Come noto, e solo per richiamare gli esiti di un discorso già svolto, l’alea giuridica che permea tali contratti finanziari incide sul funzionamento del sinallagma perché le parti fondano sul rischio l’intera operazione, differendo per scelta la definizione dell’assetto degli interessi in gioco. Gli irs, in particolare, sono permeati da aleatorietà negoziale quando le parti, fondando l’intera operazione sul rischio contrattuale, si impegnano a corrispondere la sola differenza dei pagamenti reciprocamente dovuti, per effetto della compensazione dedotta in contratto, laddove il valore dei flussi economici sia determinato solo ad una data scadenza e risulti dall’applicazione ad uno stesso nozionale di tassi di interesse diversi.
Basandosi su questo indirizzo dottrinale e sul presupposto della qualificazione in termini di aleatorietà degli irs, le Corti fanno discendere la caducazione del contratto, a seconda:
– dall’irrazionalità dell’alea dedotta nel contratto (se l’alea non è conosciuta, perché non misurabile e non è governata da chi sottoscrive il contratto, il prodotto finanziario non supera il vaglio di meritevolezza).
Questo indirizzo è stato inaugurato dalla nota sentenza dellaCorte d’Appello di Milano del 19 settembre 2013 diffusamente commentata (in Contratti, 2014, p. 213 con nota Indolfi, Recenti evoluzioni dell’aleatorietà convenzionale: i contratti derivati otc, come scommesse razionali; in Banca, borsa, tit. cred., 2014, 3, II, con nota A. Tucci; in Giur. Comm., 2014, 2, II, p. 277, con nota di Caputo Nassetti; in Rass. Dir. Civ., 2014, 1, p. 295, con nota di Di Raimo), nella cui scia si pongono, tra le altre, Trib. Torino, 17 gennaio 2014 in Contratti, 2014, p. 1012 e ss; Corte d’Appello di Bologna, 11 marzo 2014, n. 734, in questa Rivista; Trib. Milano, 16 giugno 2015, in www.ilcaso.it.
– dal difetto di causa in concreto per l’impossibilità di conseguire la dichiarata finalità di copertura (è il caso, per intenderci, dell’irs concluso con finalità di copertura che nei fatti risulta invece speculativo). Da ultimo in questo senso si leggano Tribunale di Treviso, 26 agosto 2015, n.1940, Trib. Verbania, 27 luglio 2015, n. 449, Corte d’Appello di Trento, 3 maggio 2013, n. 141 e Trib. Monza, 17 luglio 2012, tutte in questa Rivista.

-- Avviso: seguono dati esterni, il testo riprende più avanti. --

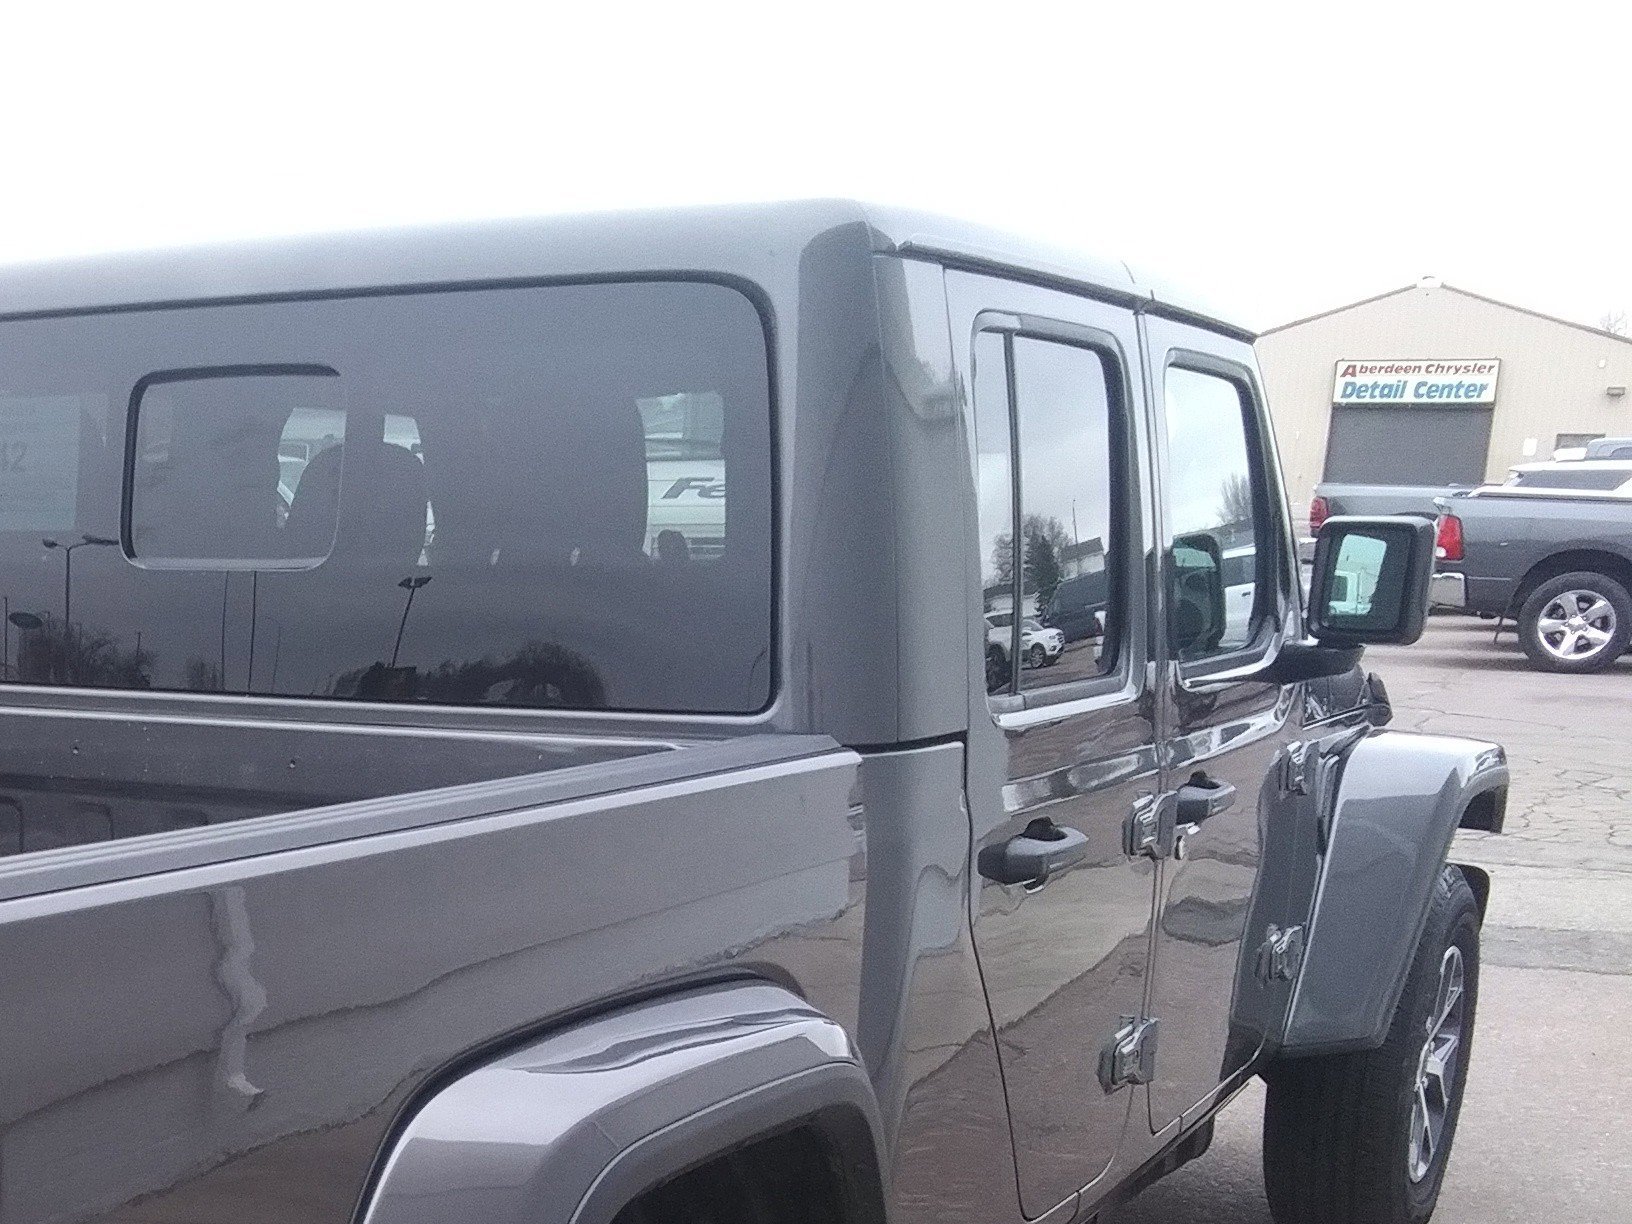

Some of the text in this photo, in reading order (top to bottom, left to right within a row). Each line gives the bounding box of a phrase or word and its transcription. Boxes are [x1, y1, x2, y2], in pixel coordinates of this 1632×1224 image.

[1340, 363, 1496, 378] Aberdeen Chrysler
[1340, 380, 1489, 399] Detail Center
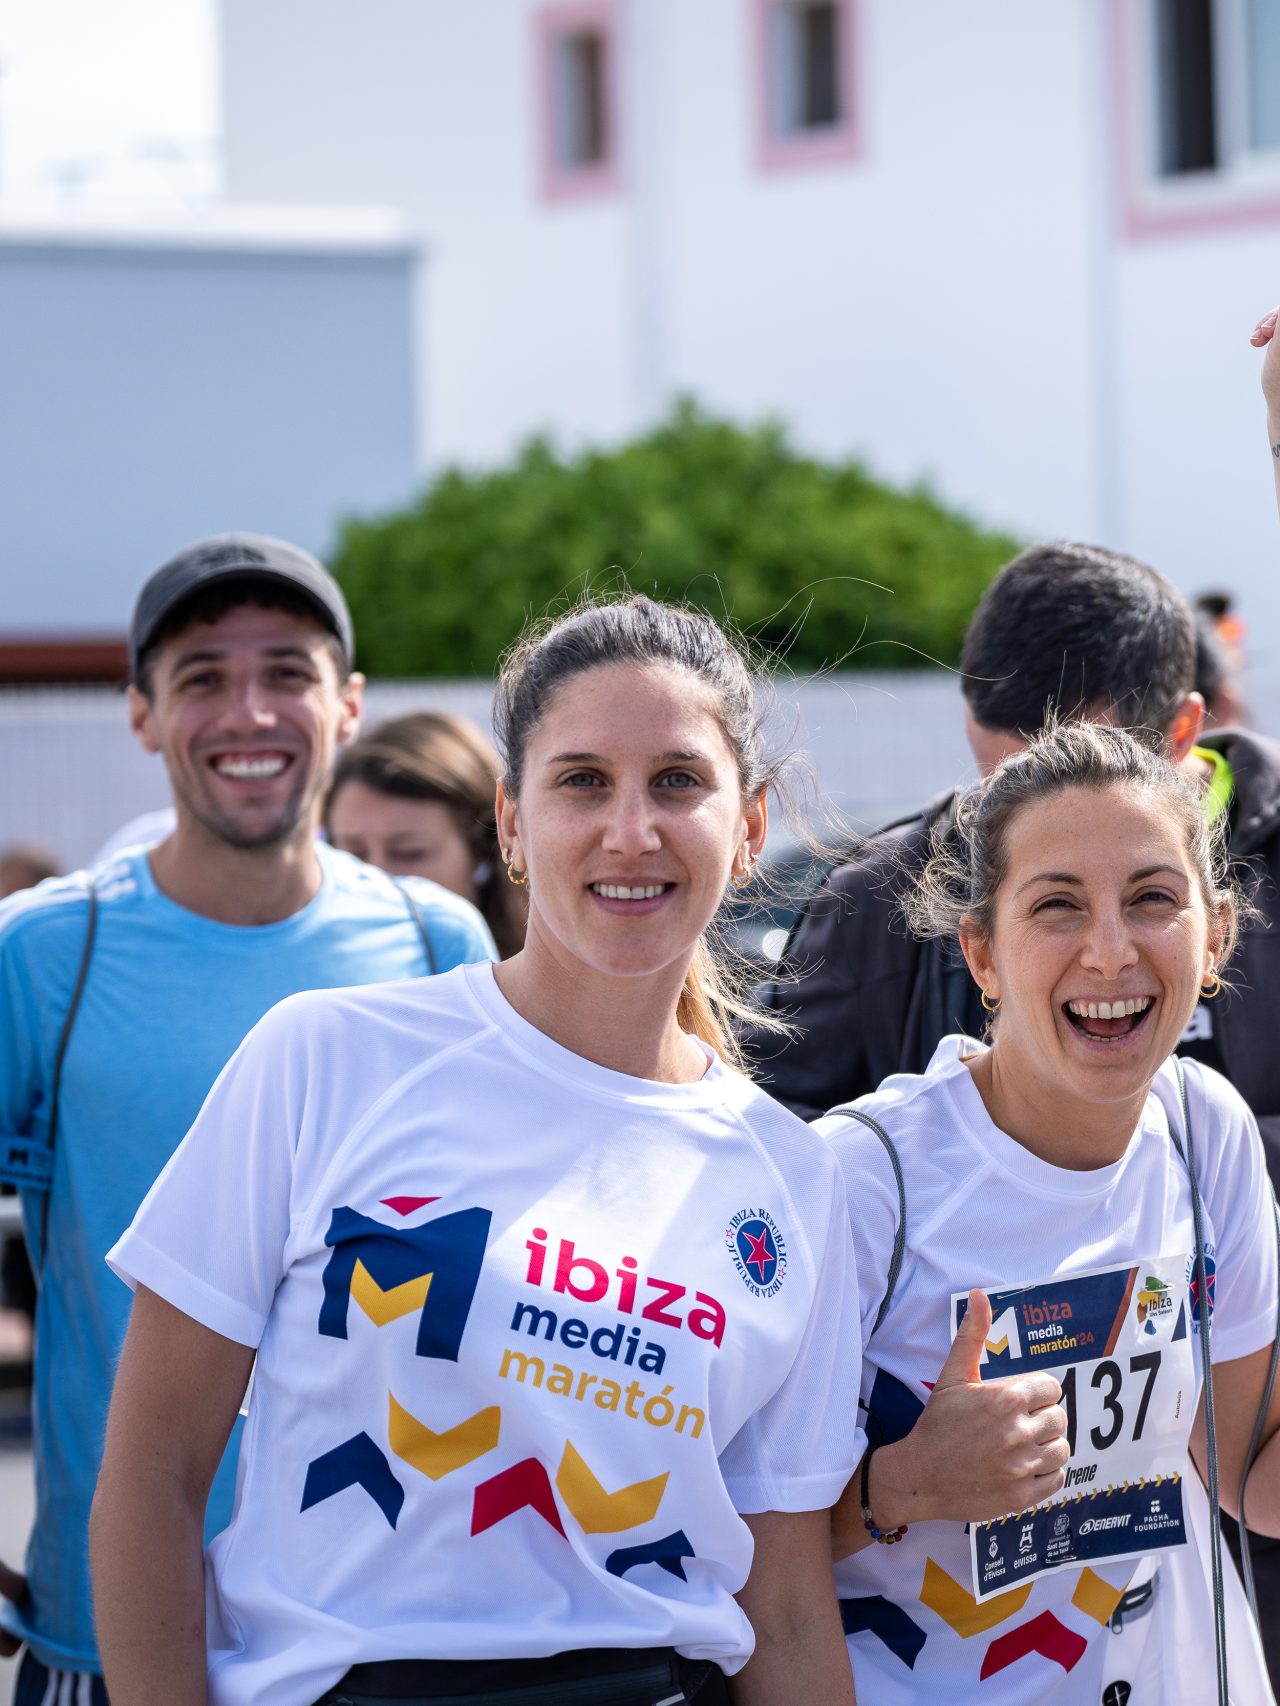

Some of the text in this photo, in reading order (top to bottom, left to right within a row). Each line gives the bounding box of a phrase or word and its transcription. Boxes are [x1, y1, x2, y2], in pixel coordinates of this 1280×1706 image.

– dall’unilateralità dell’alea che discende dallo stesso regolamento contrattuale (se entrambi i contraenti non sono partecipi della funzione di lucro incerto dell’irs ma il rischio grava solo su uno dei due, ovvero sul cliente, l’irs persegue una funzione immeritevole, perché l’alea deve essere necessariamente bilaterale). Enunciano questo principio Corte d’Appello di Milano, 25 maggio 2015, in questa Rivista, Trib. Modena, 23 dicembre 2011, in Contratti, 2012, p. 130 e ss.
Accomuna il complesso panorama giurisprudenziale richiamato la connessione fra regole di comportamento dell’intermediario e causa dell’operazione economica. In tutta la casistica sinteticamente richiamata, il difetto di informazione si riflette sulla funzione dello specifico contratto, che in esso si esaurisce.
Sulla tematica ampiamente dibattuta dei contratti derivati, in dottrina, da ultimo, riferimenti imprescindibili sono C. Angelici, Alla ricerca del “derivato”, Giuffrè, 2016 e M. Barcellona, Della causa, il contratto e la circolazione della ricchezza, Padova, 2015, p. 460 e ss.